**PROBLEM DETAILS:** Every entry below should come back unchanged, except that the pictures are dropped.

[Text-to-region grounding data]
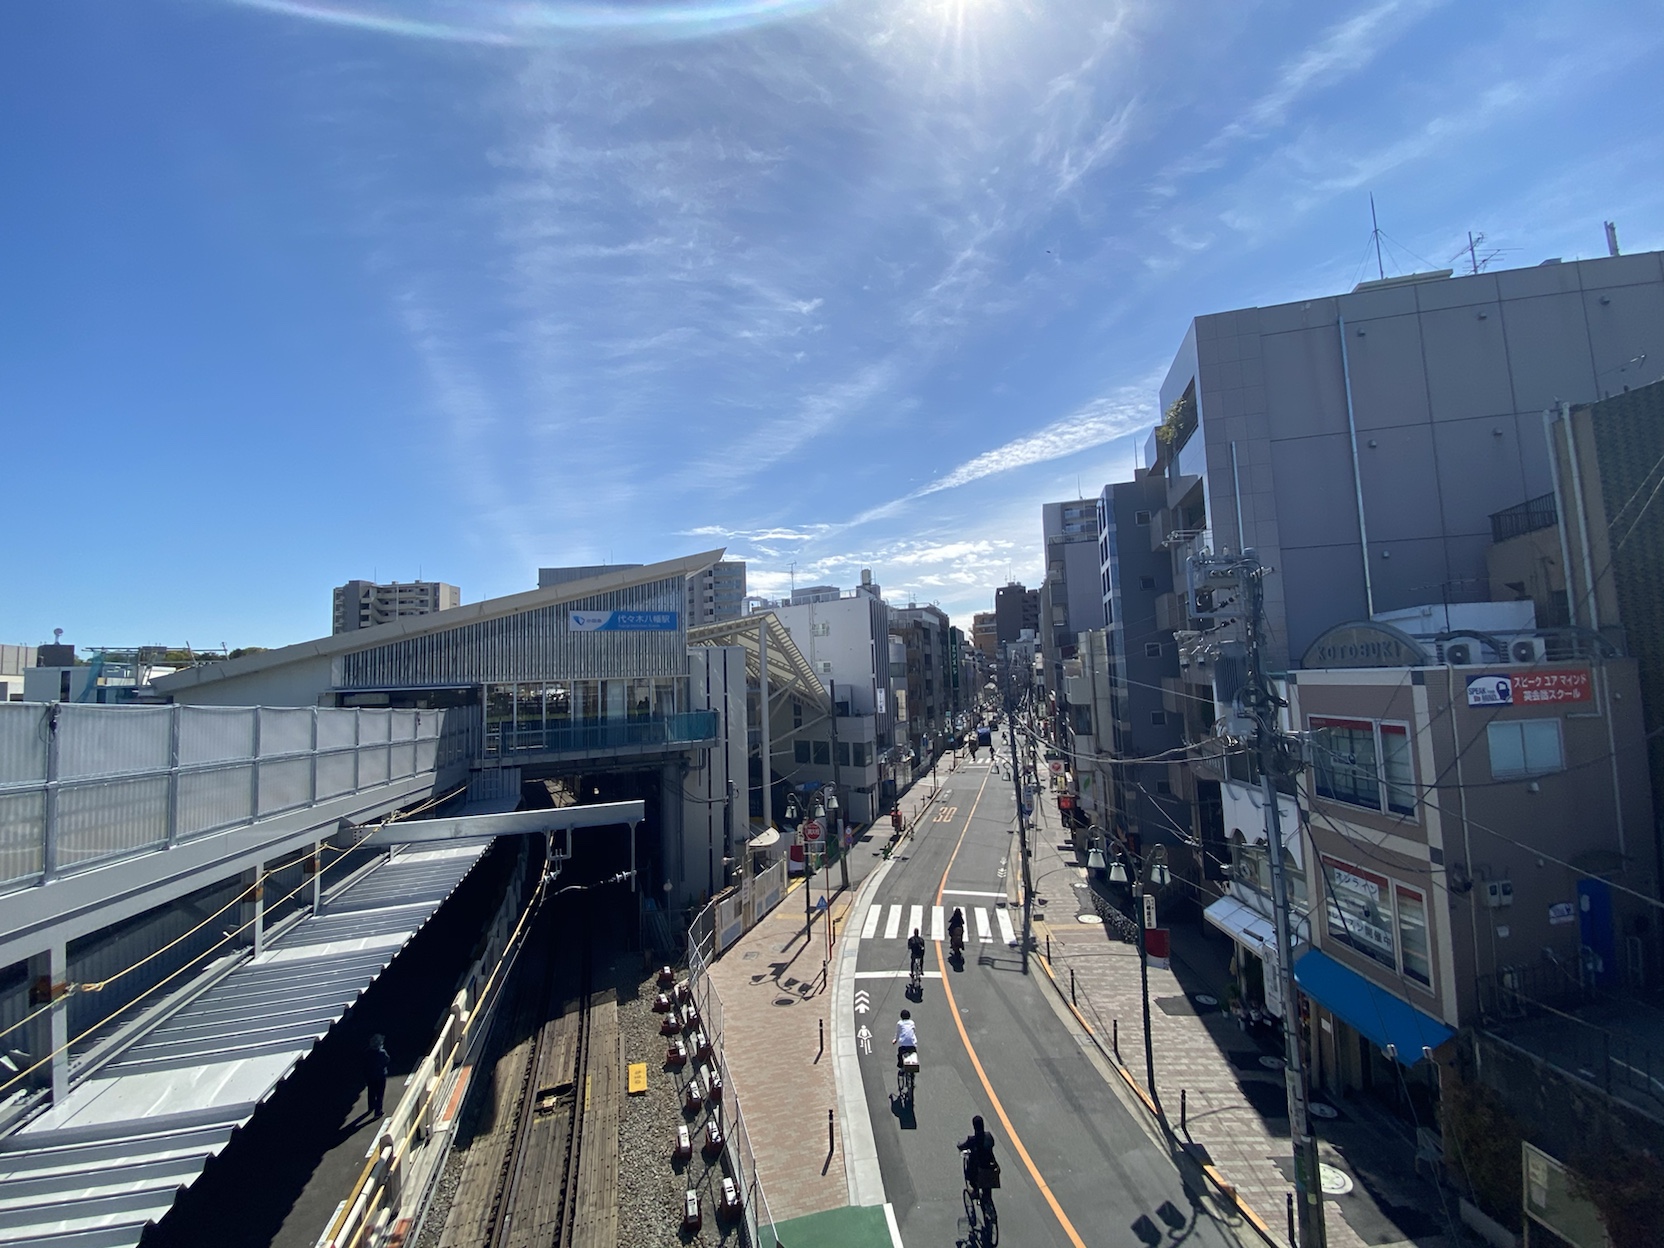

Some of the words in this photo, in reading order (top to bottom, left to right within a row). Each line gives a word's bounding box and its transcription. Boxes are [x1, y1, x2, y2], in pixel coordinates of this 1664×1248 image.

[617, 614, 671, 623] 代々木八幡駅
[1317, 640, 1400, 661] KOTOBUKI
[1514, 676, 1542, 688] スピーク
[1544, 675, 1558, 686] ユア
[1560, 673, 1587, 686] マインド
[1468, 687, 1487, 696] SPEAK
[1523, 688, 1581, 702] 英会話スクール
[932, 806, 958, 823] 30
[1335, 871, 1378, 895] オンライン

**SOLUTION FOR THIS TASK:**
Some of the words in this photo, in reading order (top to bottom, left to right within a row). Each line gives a word's bounding box and its transcription. Boxes are [x1, y1, x2, y2], in pixel coordinates of this 1664×1248 image.

[617, 614, 671, 623] 代々木八幡駅
[1317, 640, 1400, 661] KOTOBUKI
[1514, 676, 1542, 688] スピーク
[1544, 675, 1558, 686] ユア
[1560, 673, 1587, 686] マインド
[1468, 687, 1487, 696] SPEAK
[1523, 688, 1581, 702] 英会話スクール
[932, 806, 958, 823] 30
[1335, 871, 1378, 895] オンライン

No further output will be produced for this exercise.